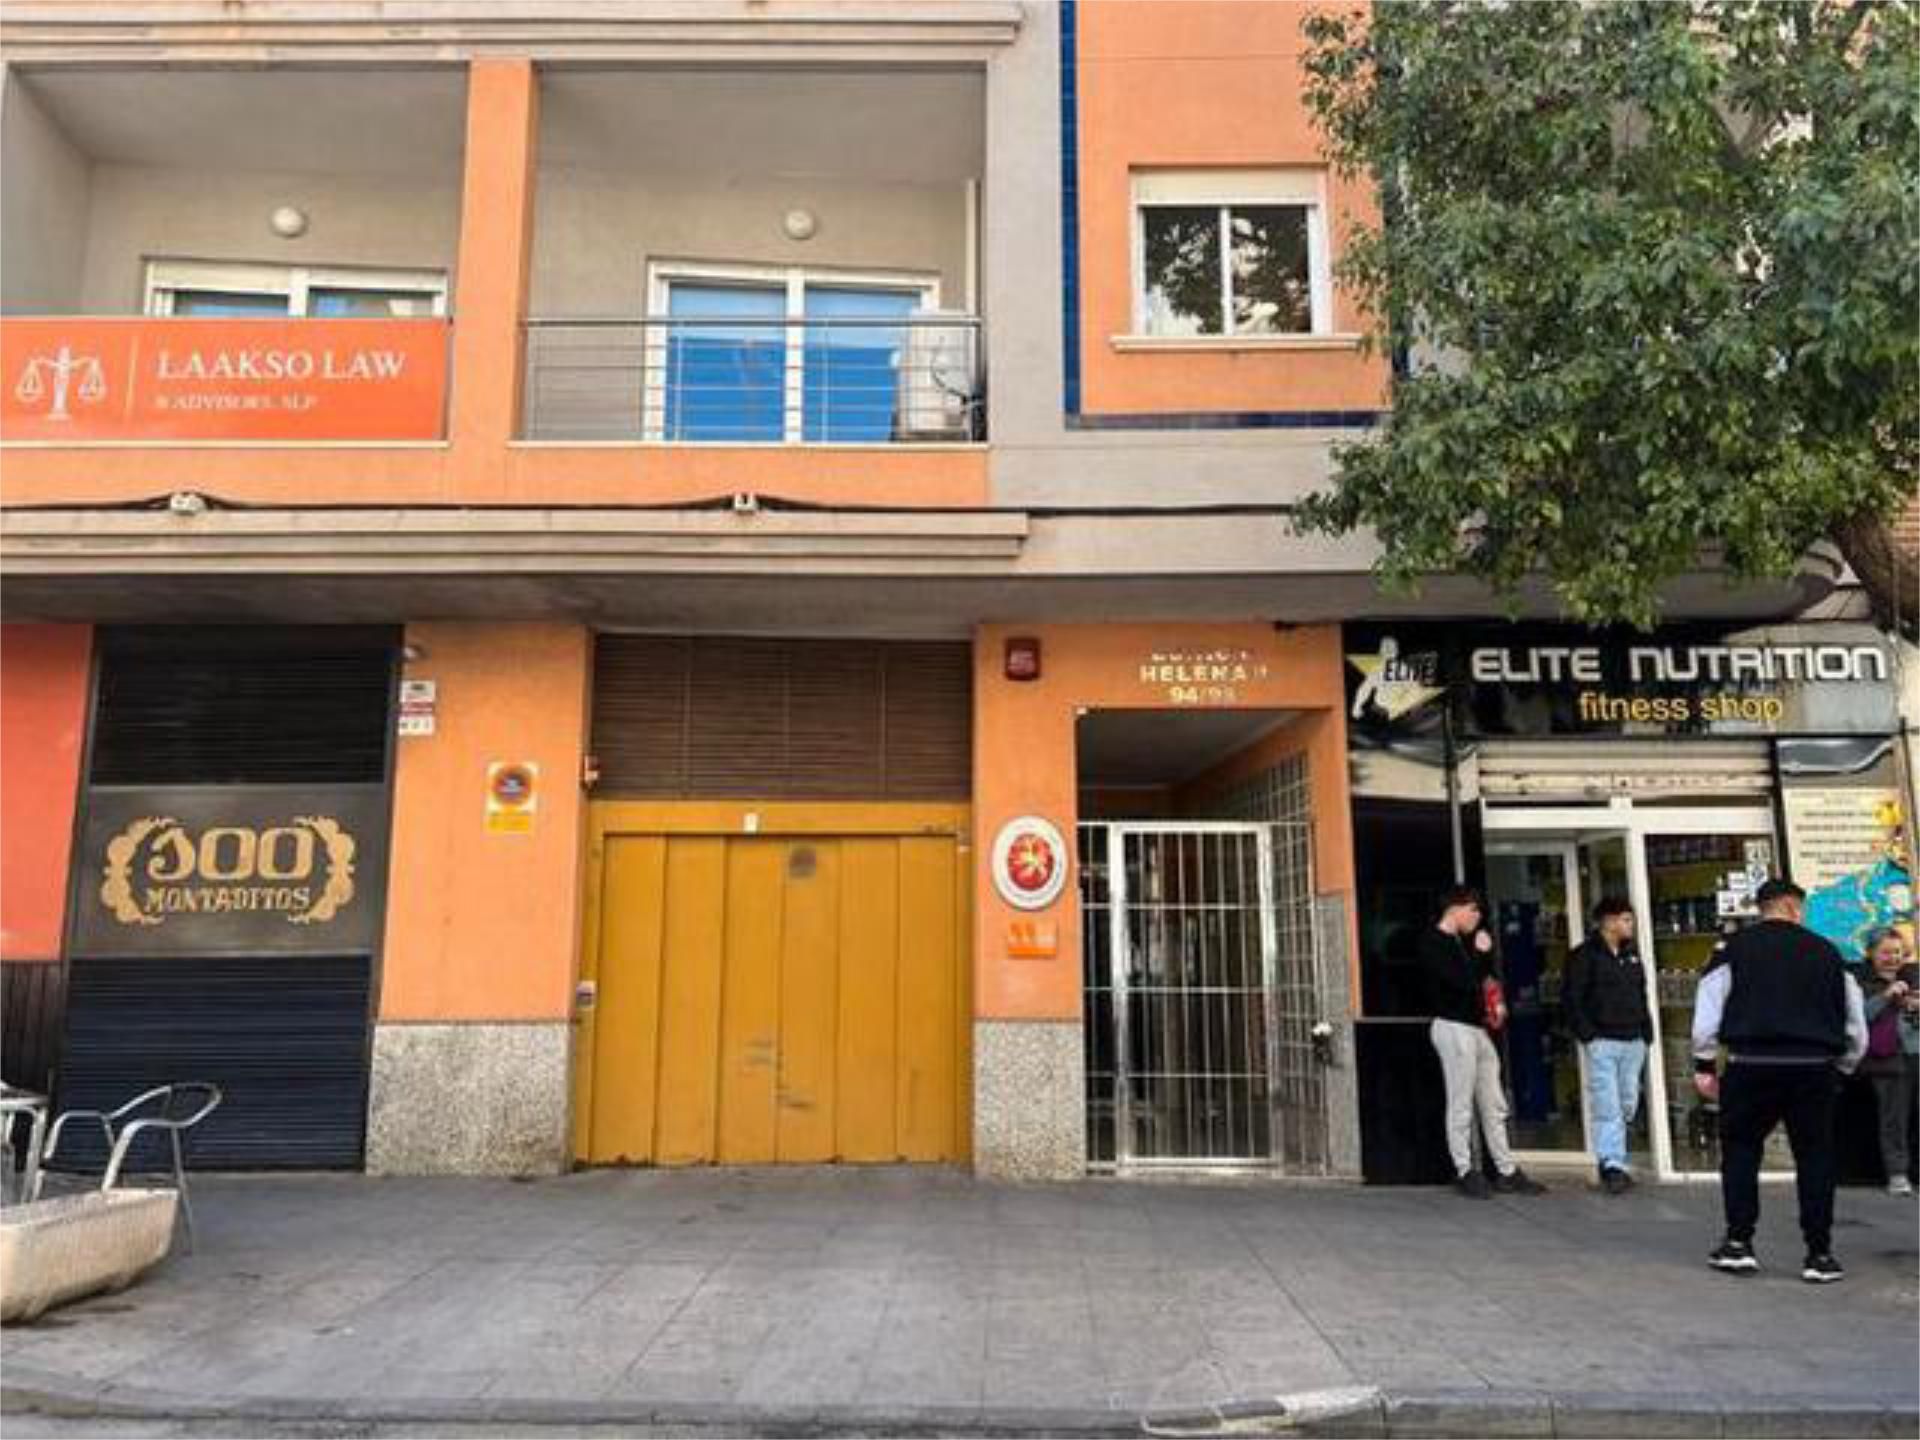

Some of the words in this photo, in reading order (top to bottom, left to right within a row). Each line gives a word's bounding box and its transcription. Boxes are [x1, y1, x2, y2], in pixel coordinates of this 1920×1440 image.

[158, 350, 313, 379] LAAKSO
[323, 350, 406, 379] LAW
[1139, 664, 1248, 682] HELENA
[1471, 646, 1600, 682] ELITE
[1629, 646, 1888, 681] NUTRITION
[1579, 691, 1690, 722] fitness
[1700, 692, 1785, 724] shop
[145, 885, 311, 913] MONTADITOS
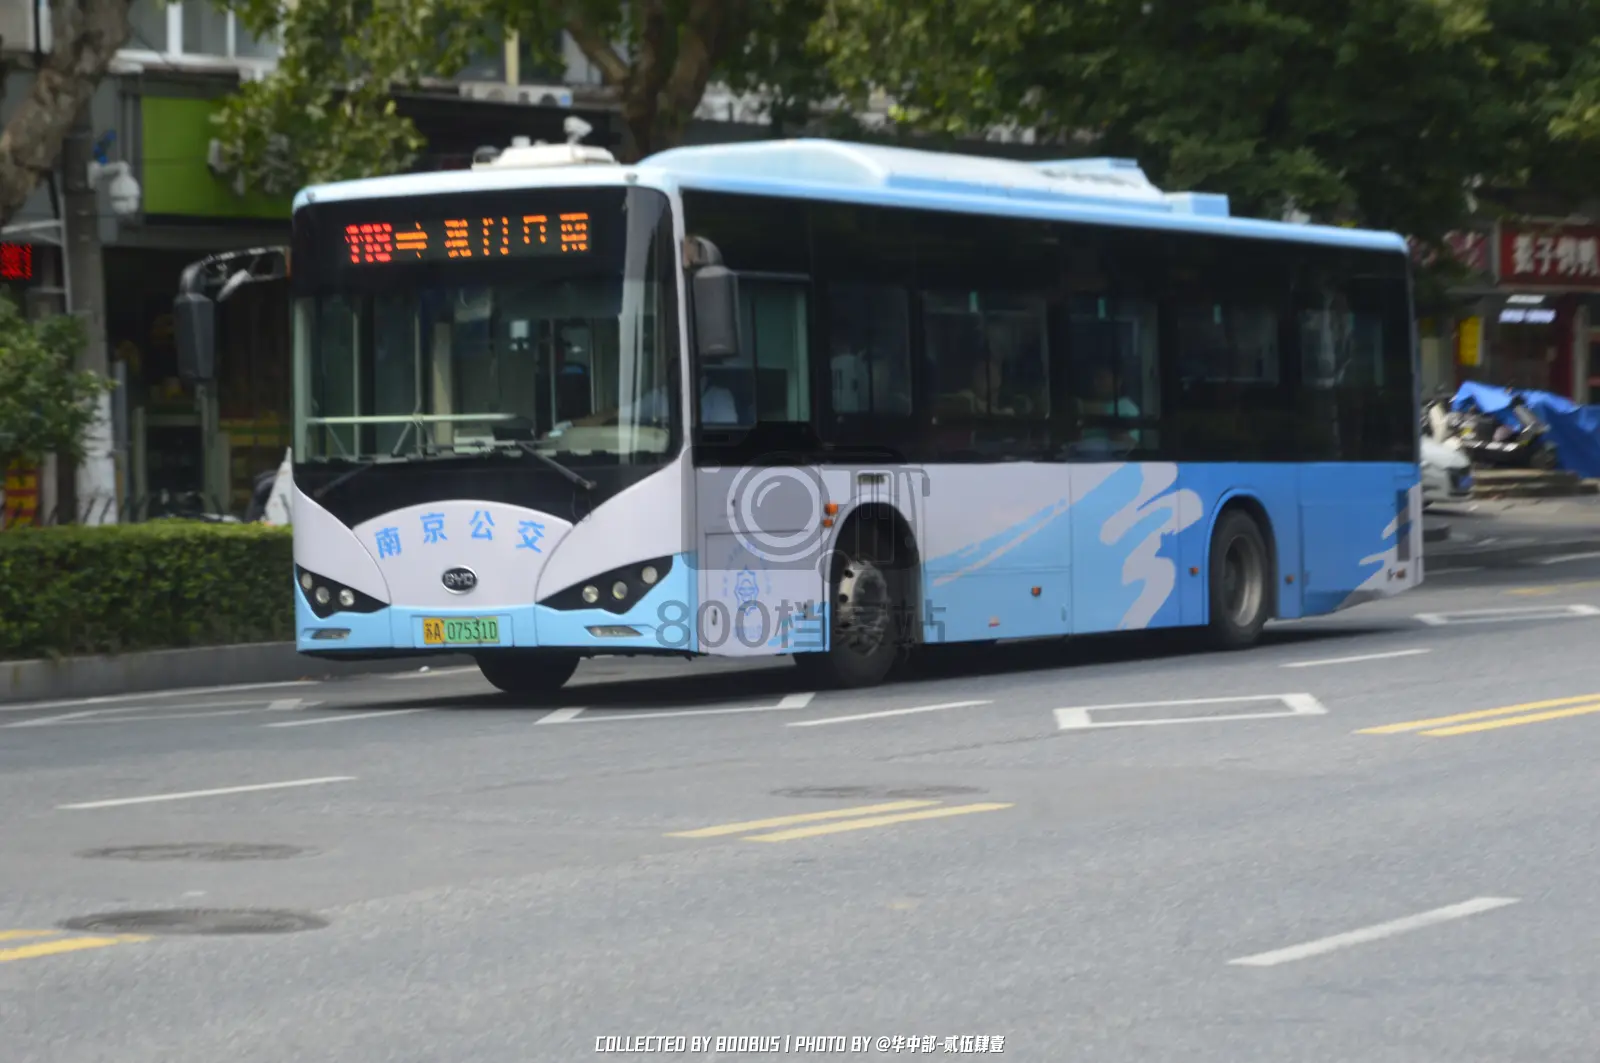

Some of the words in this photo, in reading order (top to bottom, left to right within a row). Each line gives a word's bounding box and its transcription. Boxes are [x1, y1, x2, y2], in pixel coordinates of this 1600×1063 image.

-.-.-

When a picture appears in the material, please pass over it while retyping the rest exactly.

**Solution for this problem:**
Some of the words in this photo, in reading order (top to bottom, left to right within a row). Each line gives a word's bounding box and its transcription. Boxes are [x1, y1, x2, y2], in pixel coordinates of this 1920×1440 image.

[158, 350, 313, 379] LAAKSO
[323, 350, 406, 379] LAW
[1139, 664, 1248, 682] HELENA
[1471, 646, 1600, 682] ELITE
[1629, 646, 1888, 681] NUTRITION
[1579, 691, 1690, 722] fitness
[1700, 692, 1785, 724] shop
[145, 885, 311, 913] MONTADITOS

Some of the words in this photo, in reading order (top to bottom, left to right within a row). Each line gives a word's bounding box and its transcription. Boxes are [x1, y1, x2, y2], in pixel coordinates of this 1600×1063 image.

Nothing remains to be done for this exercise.